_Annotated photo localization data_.
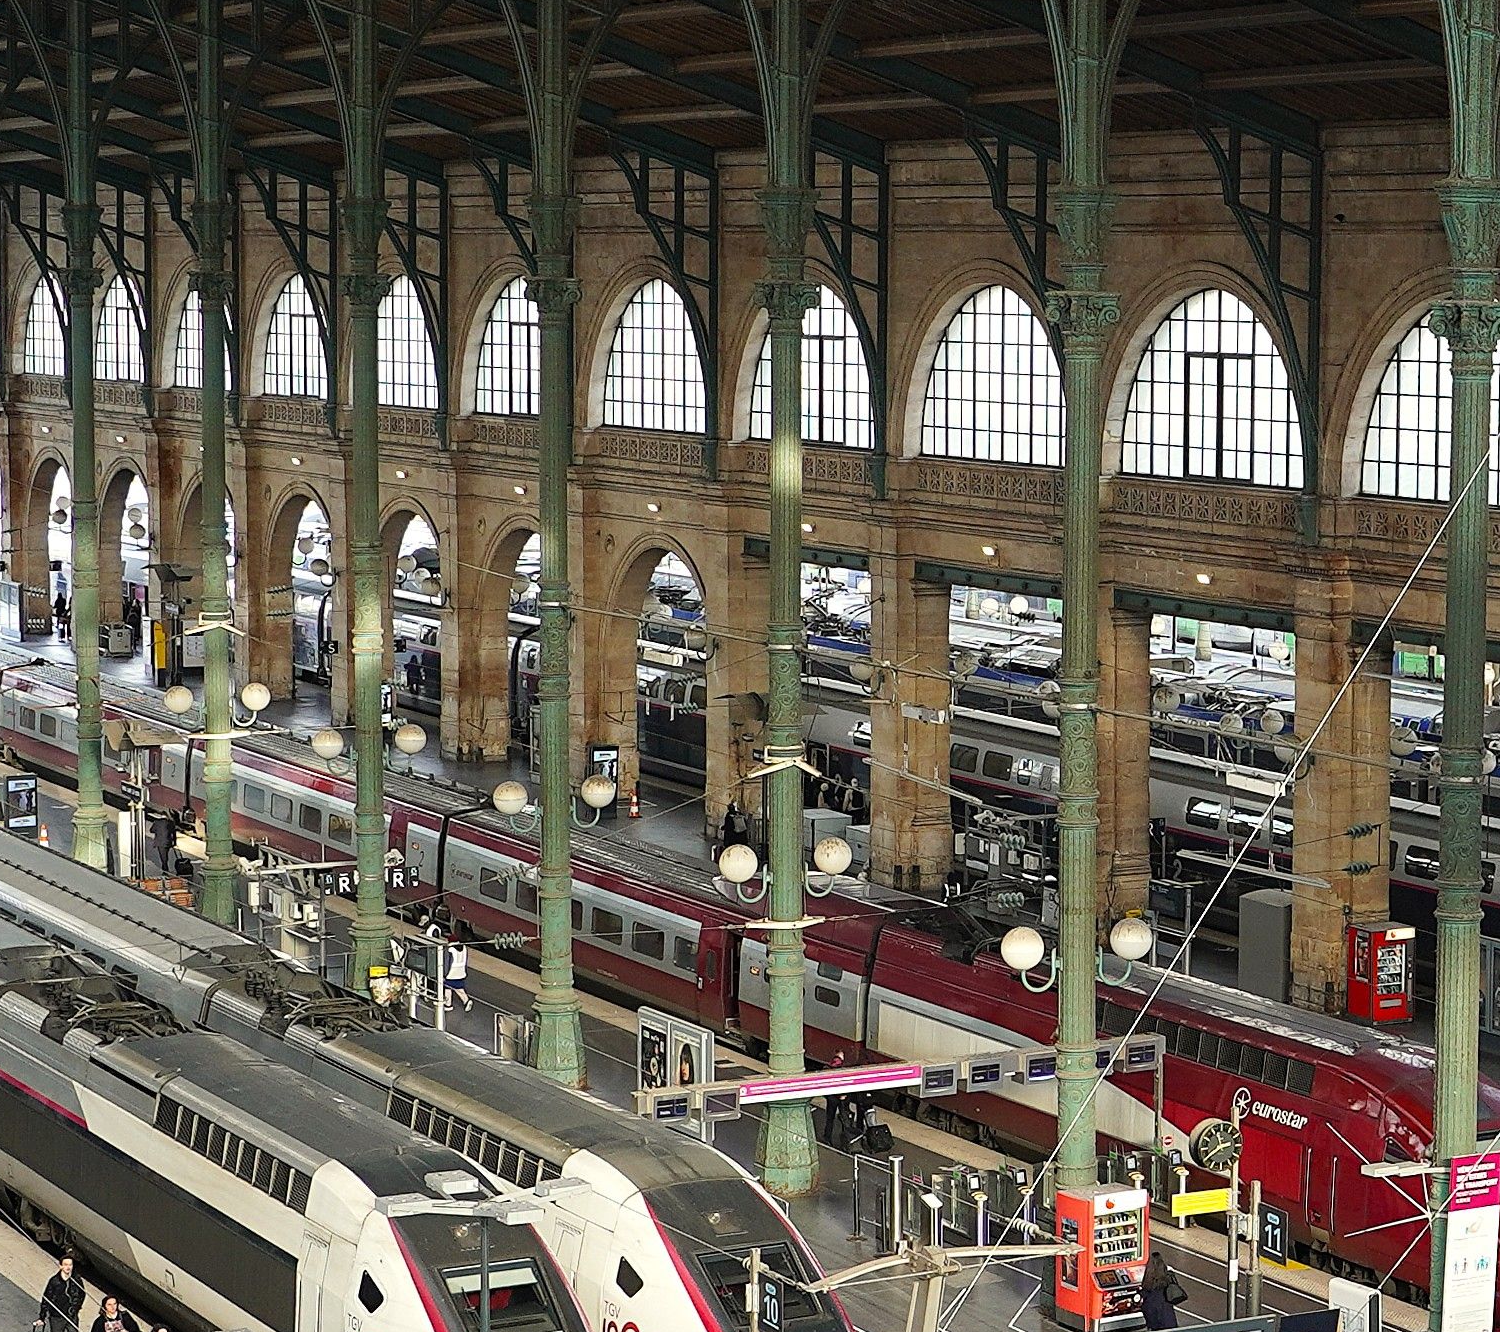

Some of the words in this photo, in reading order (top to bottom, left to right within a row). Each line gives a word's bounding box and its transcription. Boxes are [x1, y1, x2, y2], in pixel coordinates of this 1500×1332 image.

[339, 877, 351, 893] R
[392, 872, 405, 887] R
[1252, 1101, 1308, 1129] eurostar
[1264, 1224, 1281, 1252] 11
[604, 1300, 621, 1318] TGV
[763, 1295, 778, 1325] 10
[347, 1313, 364, 1332] TGV
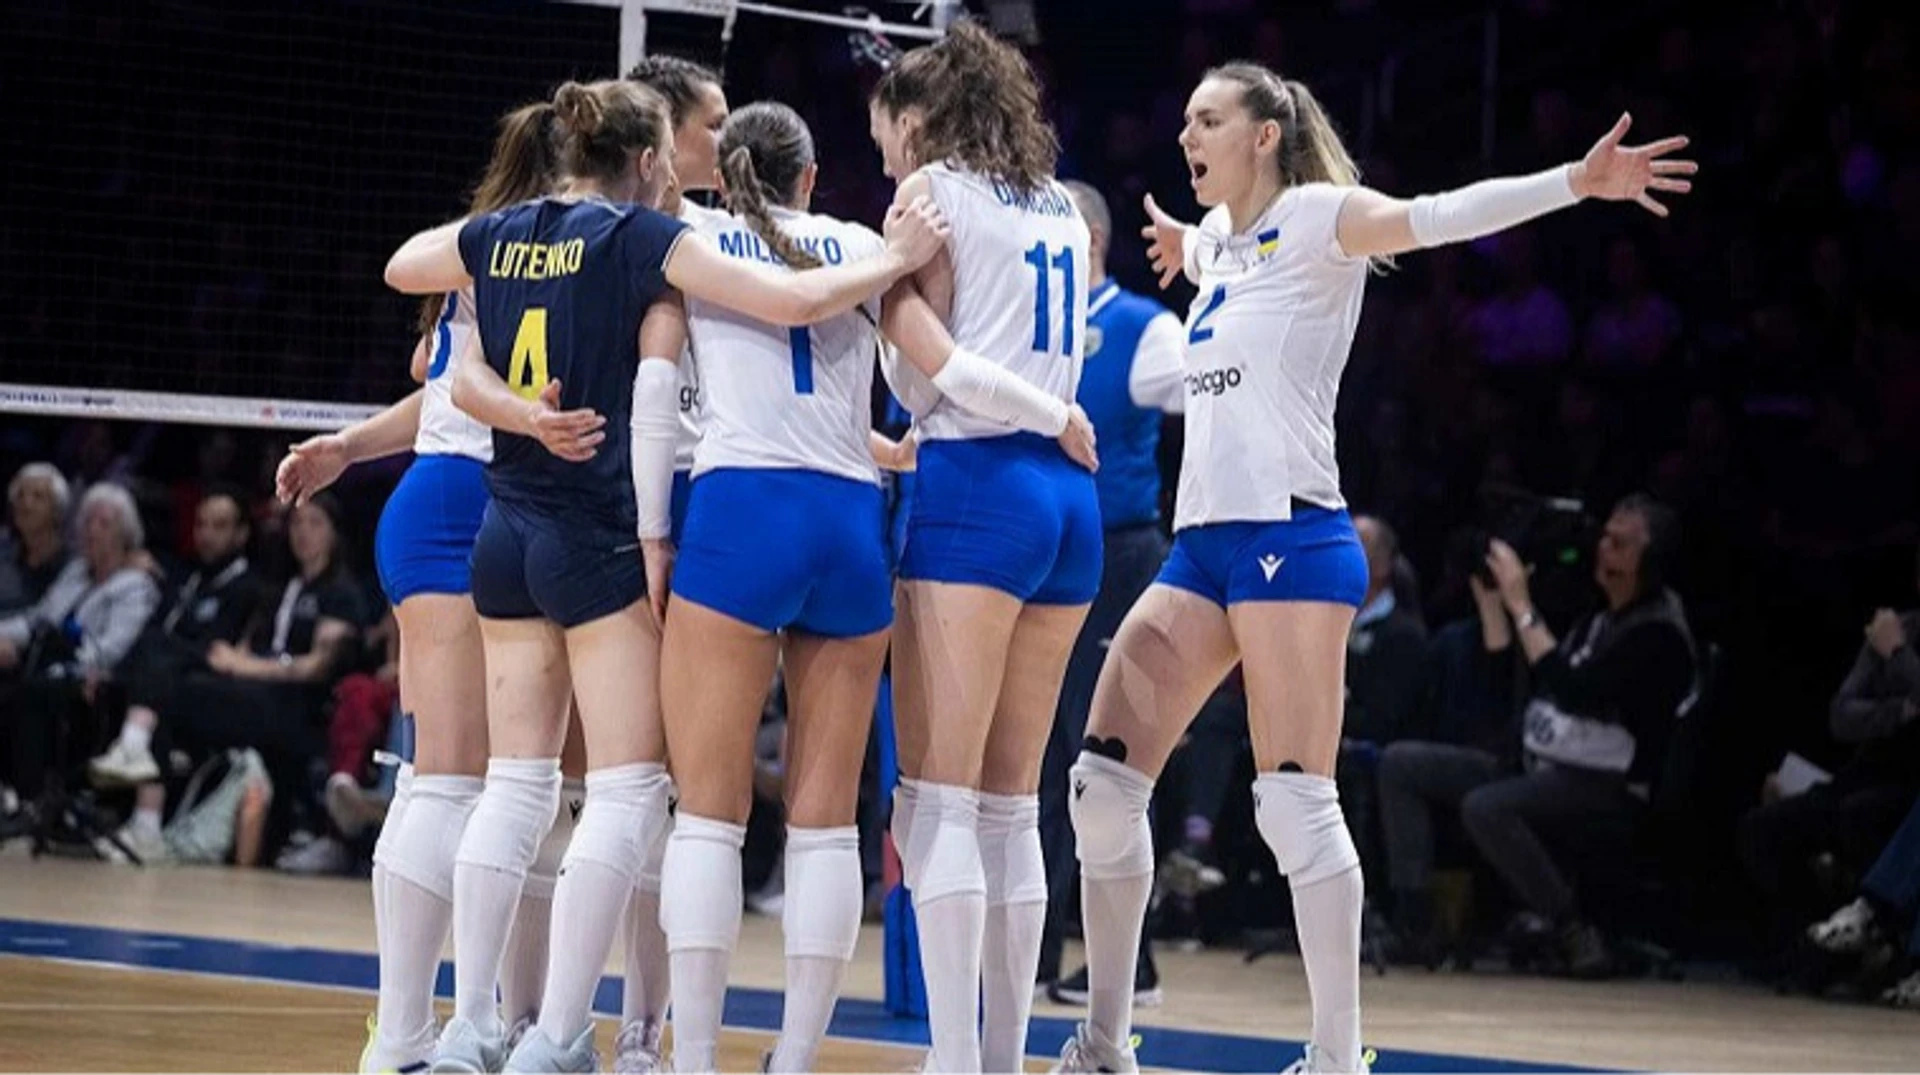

_WHAT NEEDS TO BE DONE_. Transcribe every entry exactly. Leave out the pictures.

_ANSWER BELOW_.
Some of the words in this photo, in reading order (top to bottom, left to right within a row). Each line gives a word's bounding box and its transcription. Boxes are [x1, y1, x2, y2], in pixel coordinates of this 1500×1332 image.

[339, 877, 351, 893] R
[392, 872, 405, 887] R
[1252, 1101, 1308, 1129] eurostar
[1264, 1224, 1281, 1252] 11
[604, 1300, 621, 1318] TGV
[763, 1295, 778, 1325] 10
[347, 1313, 364, 1332] TGV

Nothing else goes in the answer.